September 19, 2014 • Los Angeles

leafy Leimert ParkWalking around Leimert Park with my dog, I’m met with two kinds of greetings: the friendly “How ya doing?” and the more suspicious “Do you live around here?” This is a reflection of the way our society is increasingly being stratified into haves and have-nots. The neighborhood is a mix of working-class and middle-class people, but more significantly it’s a mix of property owners and renters. People who own houses are the friendlier ones, and they think of the neighborhood’s diversification and the appearance of new faces as potentially improving their property values and thus their net worth. Renters are suspicious of any change in the neighborhood, because that might impact their rent and potentially price them out of the neighborhood. Most of my encounters have been positive, even if people are suspicious about why I’m walking around, but the undercurrent is the fear or embrace of gentrification.
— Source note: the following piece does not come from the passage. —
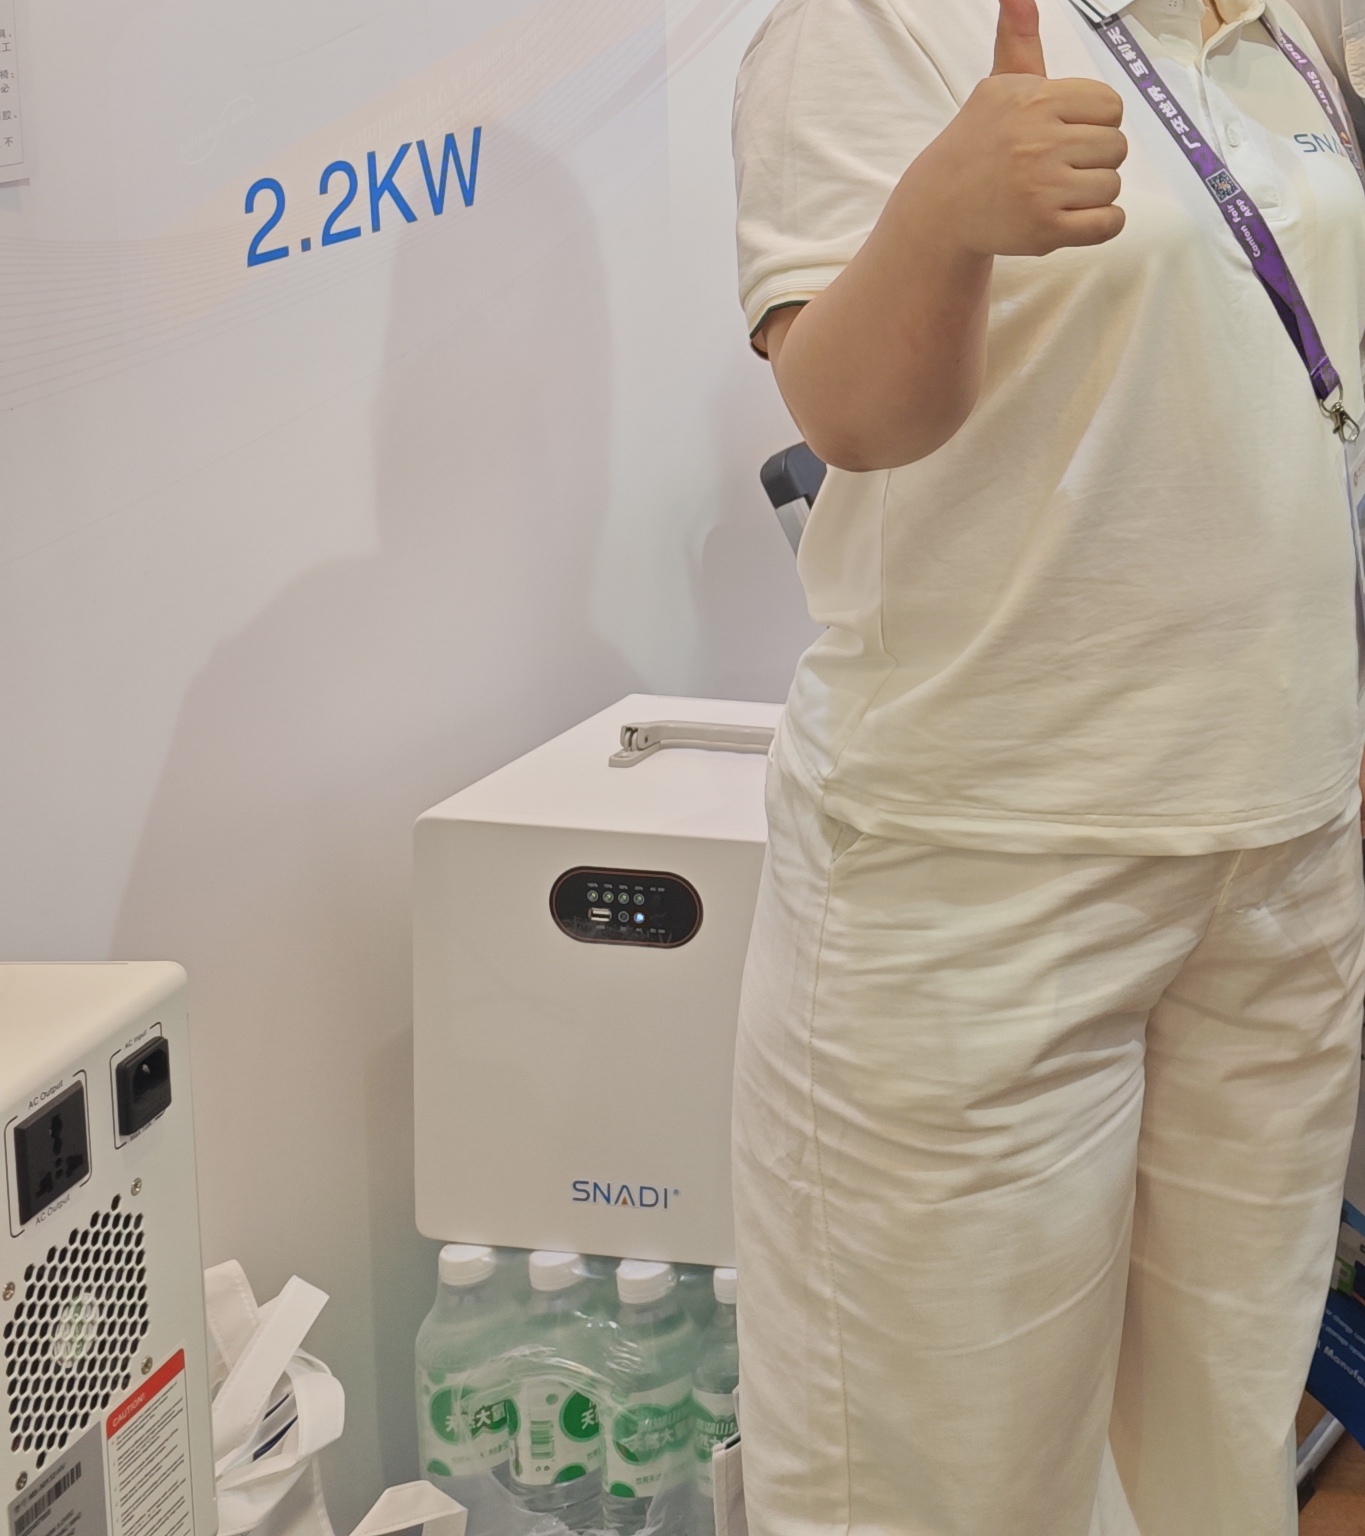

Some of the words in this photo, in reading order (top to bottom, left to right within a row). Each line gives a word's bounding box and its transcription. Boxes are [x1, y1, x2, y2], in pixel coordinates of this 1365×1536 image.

With the opening of new public transit rail stations along Crenshaw Boulevard, some kind of change seems inevitable. It’s possible that things will get worse; the Blue Line runs through some neighborhoods that never improved. But Leimert Park’s proximity to moneyed neighborhoods implies that the change will be for the better. In a perfect world there would be room for everybody, and the worst displacements of gentrification are indeed ugly, as we’re seeing in San Francisco, but things getting better still seems preferable to things getting worse. More centralized or top-down attempts at improving the economy of South LA are no solution. There have been some success stories, but there is a much longer list of broken promises, from retailers like Tesco who talk a big game and then skulk away, never even breaking ground, all the way to Sacramento, when the state clawed back community redevelopment funds during the recession.

I worked at an art gallery Downtown in the late nineties, when the zoning rules were about to change to allow conversions of historic buildings into lofts. Artists and other people in the neighborhood were frantic about gentrification; where would the homeless go? Where would poor people go shopping? A decade later I moved into one of those newly converted lofts, and the Downtown neighborhood has a vibrancy and vitality that it never had before the conversions. The early gentrifiers are now complaining that things have gone too far, that the neighborhood has been diluted by the mainstream, but there are more places to eat and more retail businesses there than ever. I was caught up in the fear of change in 1999, but the end result of all the development is that the neighborhood is a much better place. Skid Row is still there, just shifted a little east, and even the feared upscaling of the Grand Central Market hasn’t driven out the traditional vendors.

Our embrace of capitalism means we can’t really put limits on development. Landowners in wealthier areas can sometimes modify zoning rules or slap a historic designation on a building to limit development and dampen real estate appreciation, but that’s not an option for a broad and diverse neighborhood like Leimert Park. Clybourne Park, a play that was put on at Mark Taper a few years ago, opened my mind on the subject more than anything else has; it’s worth a read.

In summary, suck it up, people; gentrification is a bulldozer, and it’s going to plow through no matter what any of us want to happen as individuals; the best we can do is be prepared for it.